From Volume 8 of The Complete Works of Swami Vivekananda, chapter -III, ‘Notes Of Class Talks And Lectures’

(Report of a lecture in the Chicago Daily Inter-Ocean, September 23, 1893) As many women as could crowd into Hall 7 yesterday afternoon flocked thither to hear something as to the lives of their sisters of the Orient. Mrs. Potter Palmer and Mrs. Charles Henrotin sat upon the platform, surrounded by turbanned representatives of the women of the East. It may interest the reader to know that the published addresses of Swami Vivekananda at the Parliament of Religions in Chicago are not exhaustive and many addresses, specially those delivered at the Scientific Section of the Parliament were not all reported. The Scientific Sessions were conducted simultaneously with the open session at the Hall of Columbus. Swami Vivekananda spoke on the following subjects at the Scientific Section: 1. Orthodox Hinduism and the Vedanta Philosophy. — Friday, September 22, 1893, at 10:30 a.m. 2. The Modern Religions of India. — Friday, September 22, 1893 afternoon session. 3. On the subject of the foregoing addresses. — Saturday, September 23, 1893. 4. The Essence of the Hindu Religion. — Monday, September 25, 1893. The Chicago Daily Inter – ocean of September 23, 1893 published the following note on the first lecture. “In the Scientific Section yesterday morning Swami Vivekananda spoke on ‘Orthodox Hinduism’. Hall III was crowded to overflowing and hundreds of questions were asked by auditors and answered by the great Sannyasin with wonderful skill and lucidity. At the close of the session he was thronged with eager questioners who begged him to give a semi – public lecture somewhere on the subject of his religion. He said that he already had the project under consideration.”

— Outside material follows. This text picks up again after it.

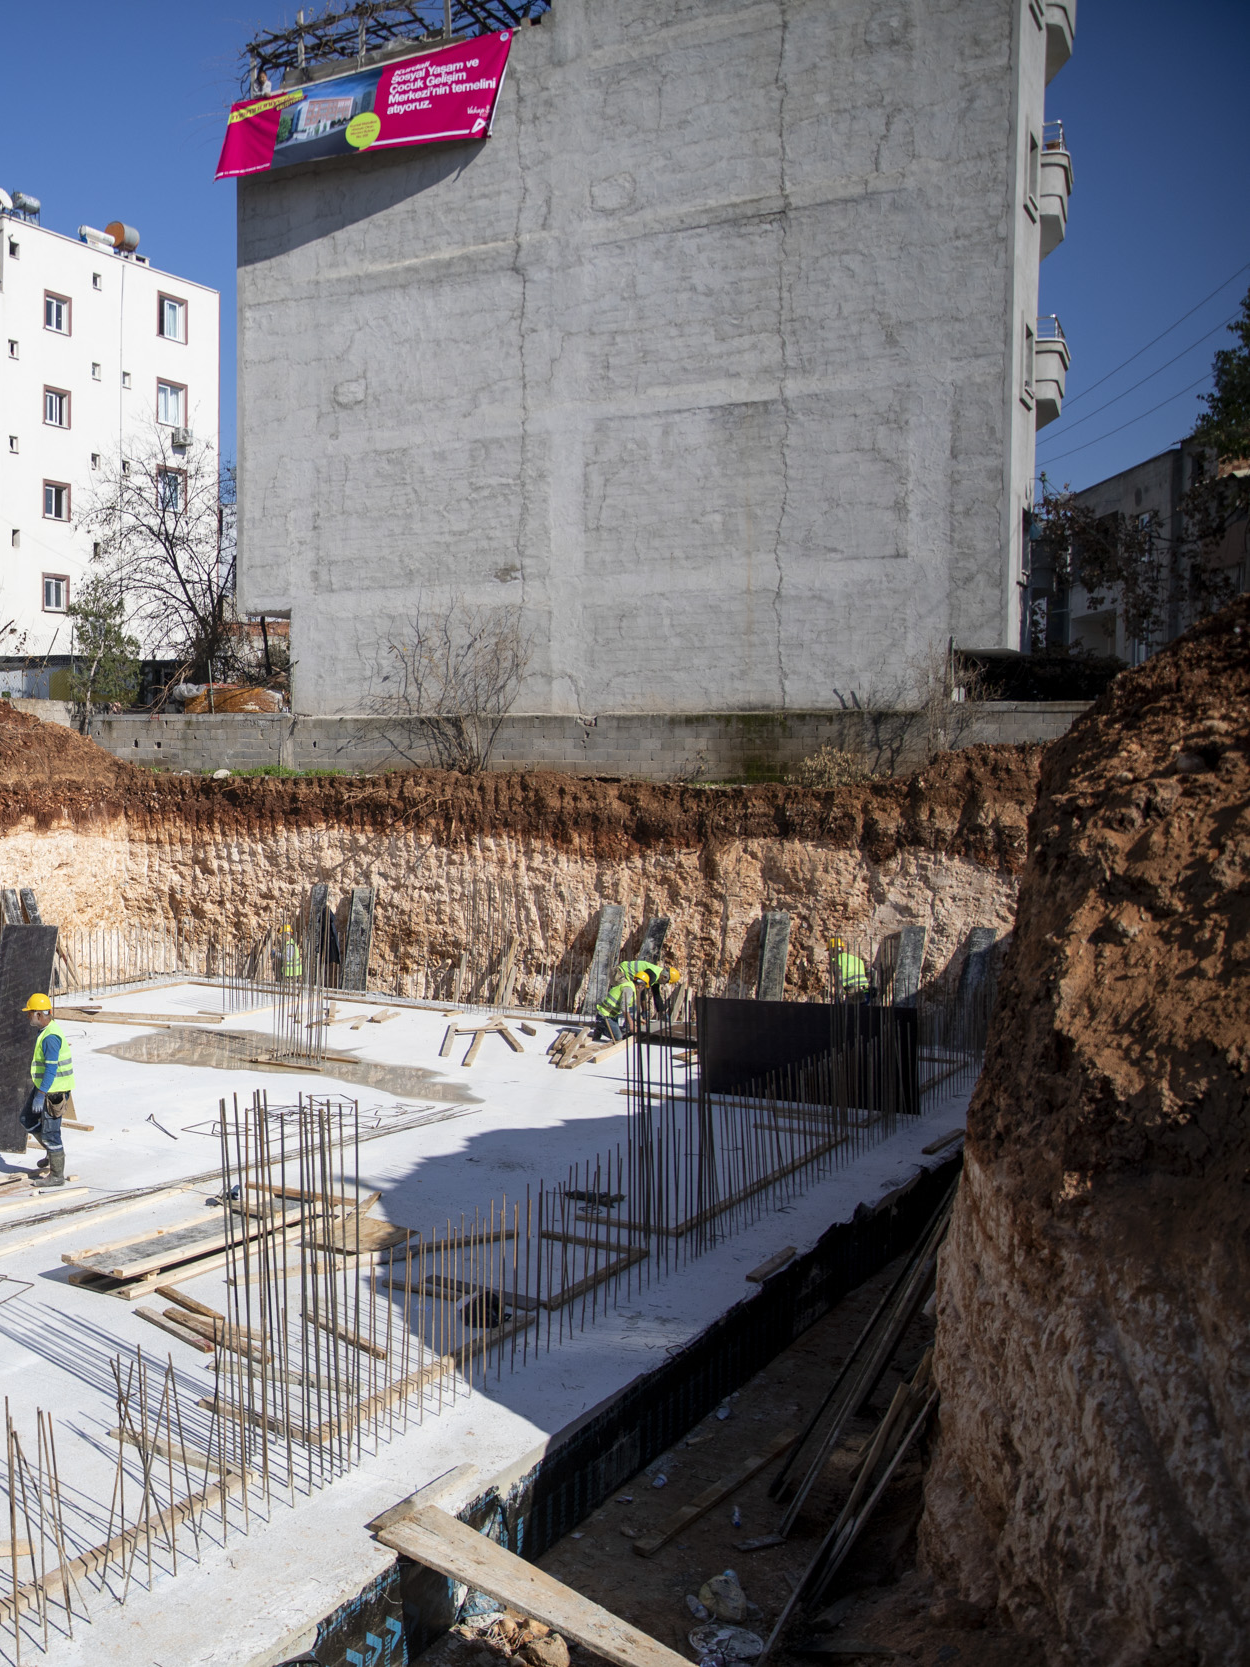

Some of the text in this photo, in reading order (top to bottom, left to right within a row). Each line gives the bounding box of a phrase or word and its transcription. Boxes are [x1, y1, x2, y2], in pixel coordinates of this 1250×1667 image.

Swami Vivekananda, at a special meeting, discussed the present and future of the women of the East. He said, “The best thermometer to the progress of a nation is its treatment of its women. In ancient Greece there was absolutely no difference in the state of man and woman. The idea of perfect equality existed. No Hindu can be a priest until he is married, the idea being that a single man is only half a man, and imperfect. The idea of perfect womanhood is perfect independence. The central idea of the life of a modern Hindu lady is her chastity. The wife is the centre of a circle, the fixity of which depends upon her chastity. It was the extreme of this idea which caused Hindu widows to be burnt. The Hindu women are very spiritual and very religious, perhaps more so than any other women in the world. If we can preserve these beautiful characteristics and at the same time develop the intellects of our women, the Hindu woman of the future will be the ideal woman of the world.”